Exosomes, nanovesicles secreted by most types of cells, exist in virtually all bodily fluids. Their rich nucleic acid and protein content make them potentially valuable biomarkers for noninvasive molecular diagnostics. They also show promise, after further development, to serve as a drug delivery system. Unfortunately, existing exosome separation technologies, such as ultracentrifugation and methods incorporating magnetic beads, are time-consuming, laborious and separate only exosomes of low purity. Thus, a more effective separation method is highly desirable. Microfluidic platforms are ideal tools for exosome separation, since they enable fast, cost-efficient, portable and precise processing of nanoparticles and small volumes of liquid samples. Recently, several microfluidic-based exosome separation technologies have been studied.

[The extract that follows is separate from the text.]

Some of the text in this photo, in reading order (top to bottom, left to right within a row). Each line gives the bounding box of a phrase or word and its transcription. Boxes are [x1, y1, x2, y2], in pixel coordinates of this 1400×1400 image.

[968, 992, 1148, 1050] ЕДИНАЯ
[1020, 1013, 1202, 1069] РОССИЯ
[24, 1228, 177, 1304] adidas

Researchers from Jilin University discuss the advantages of the most recent technologies, as well as their limitations, challenges and potential uses in novel microfluidic exosome separation and collection applications. They outline the uses of new powerful microfluidic exosome detection tools for biologists and clinicians, as well as exosome separation tools for microfluidic engineers. Current challenges of exosome separation methodologies are also described, in order to highlight areas for future research and development.
(A) Nanoparticles separation by Nano-DLD pillar array chips with gap G ranging from 25 to 235 nm and θmax = 5.7°. Smaller red particles follow a laminar flow in a zigzag mode, whereas larger blue colloids flow in a bumping mode. (B) Exosomes blocked by ”nanowire-on-micropillar“ structures and separated from cellular debris, proteins and other small particles (a) Nanowires; (b) Micropillars; (c) ”Nanowire-on-micropillar“ structures.